Much is made of the art of flirting. Determining what kind of flirt you are is based on a variety of factors. Your approach to this time-honored courtship ritual, however, is the most telling factor. That is, there are two basic approaches to flirting: obvious and subtle. Both can be appropriate depending on the social situation and the person with whom you are flirting.
Are you an obvious flirt?
Being an obvious flirt doesn’t necessarily mean using a tired old line like “What’s your sign?” or “Is heaven missing an angel?” Rather, obvious flirts often give the impression of being very comfortable with themselves because of the style of their flirting. This can certainly work to their advantage, especially when they are flirting with someone who is attracted to a person who has a strong sense of self-assuredness and confidence. Further, if their flirting is spurned they often take an approach of “no skin off my back” when they realize the other person is not interested.
Problems with being an obvious flirt
Obvious flirts can, on occasion, have so much confidence that they don’t take the time to read the body language of the person with whom they are flirting. This can become a problem if the flirting is unwanted or inappropriate. For instance, a little sexual innuendo while flirting can be fine, but an obvious flirt has to be careful not to get too carried away and start and go overboard or be offensive. Reading body language and being tuned into the other person’s reaction is especially important for obvious flirts so that they don’t cross any lines of what the other person might consider inappropriate.
What about the subtle flirts?
Subtle flirts, however, are a whole different breed. Keep in mind, though, that a subtle flirt doesn’t have to necessarily be shy, and he or she can still have plenty of self-confidence. The main difference between a subtle flirt and an obvious flirt is that the former is a little more smooth in his or her approach. Their flirting generally comes off more as conversational and usually less aggressive, and very often they know when to back off if the flirting is unwanted. Subtle flirts can be just as effective as their obvious counterparts, but their approach is generally far more laid back and has an aura of no expectations.

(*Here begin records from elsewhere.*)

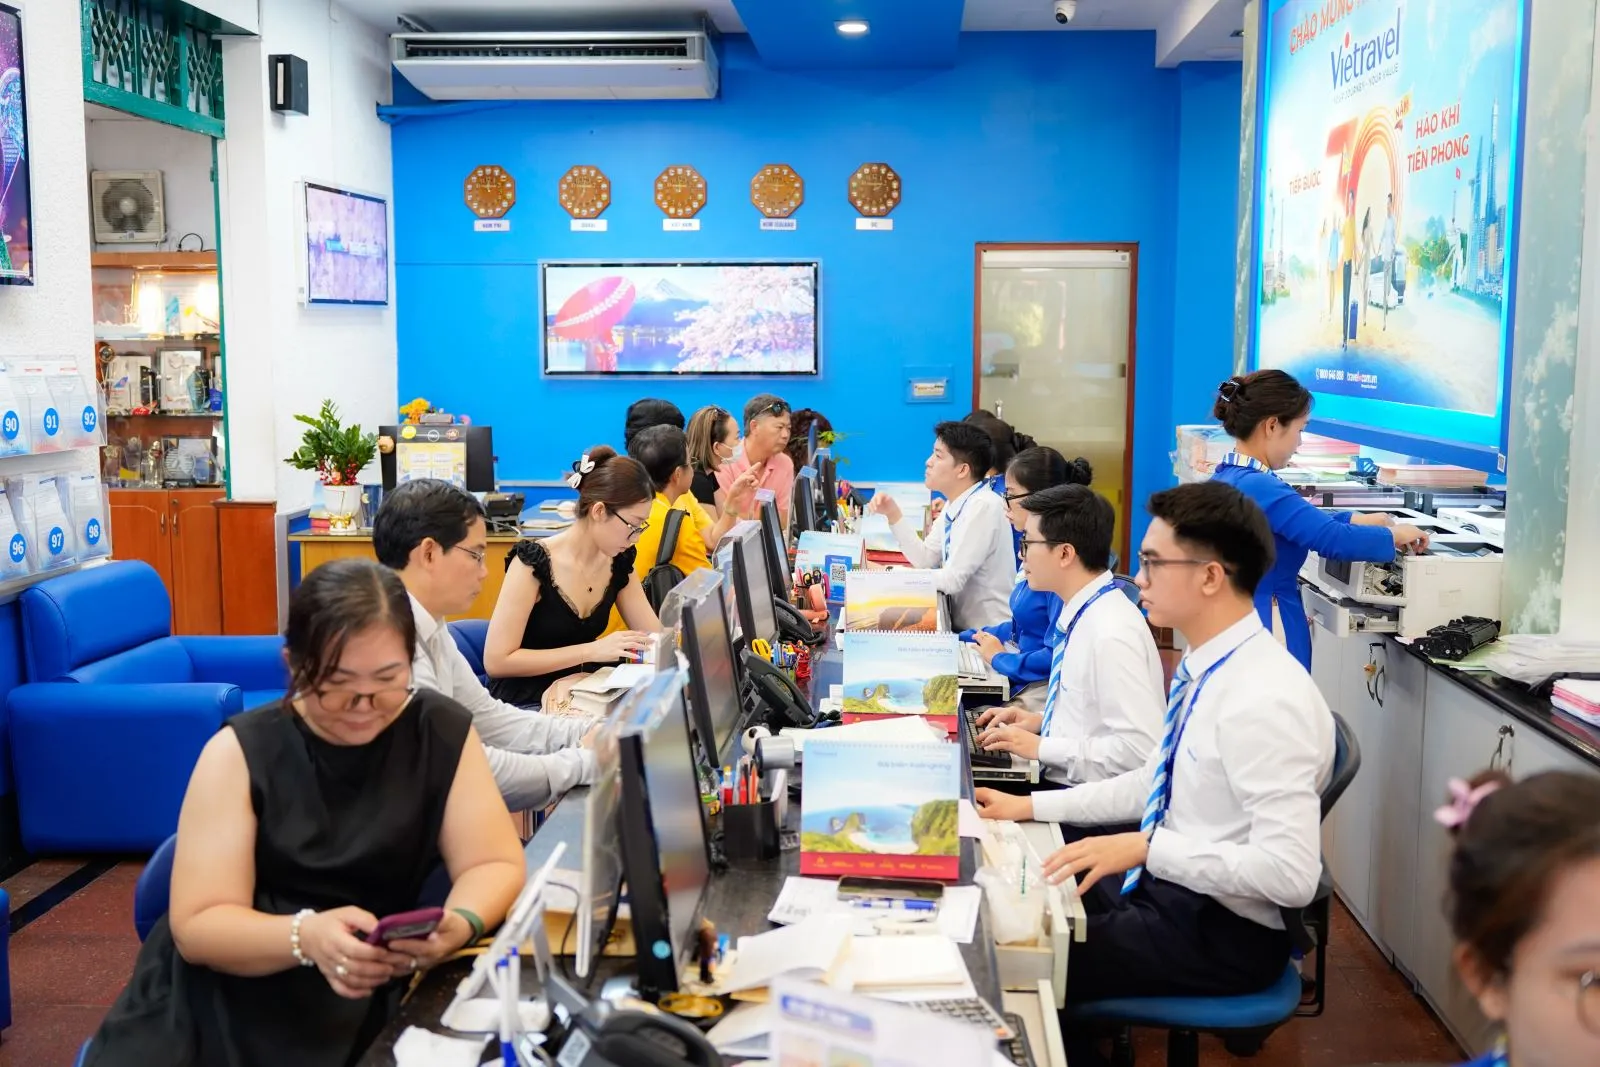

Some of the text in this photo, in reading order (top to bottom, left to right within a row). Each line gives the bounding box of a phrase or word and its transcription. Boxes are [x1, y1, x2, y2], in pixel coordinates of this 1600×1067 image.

[1290, 11, 1318, 54] CHÀO
[1331, 7, 1400, 90] Vietravel
[1407, 134, 1469, 173] TIÊN PHONG
[5, 417, 17, 432] 90
[46, 414, 57, 429] 91
[84, 411, 95, 426] 92
[88, 524, 99, 539] 98
[12, 541, 24, 555] 96
[51, 533, 62, 548] 97

Some thoughts on flirting in general
Flirting is not, of course, a courtship ritual that’s done only in person. Rather, flirting can be accomplished in a variety of other ways. Many people who are too shy to flirt in person are far more skilled at and comfortable with flirting with the written word. Text messages, emails, Tweets, Facebook comments: all of these can be great venues for people who are not as skilled at face to face flirting. If the written word is not your cup of tea either, body language can be a very effective flirting technique. A sweet smile, the cock of your head, biting your bottom lip: all of these intimate interest and can be employed without words.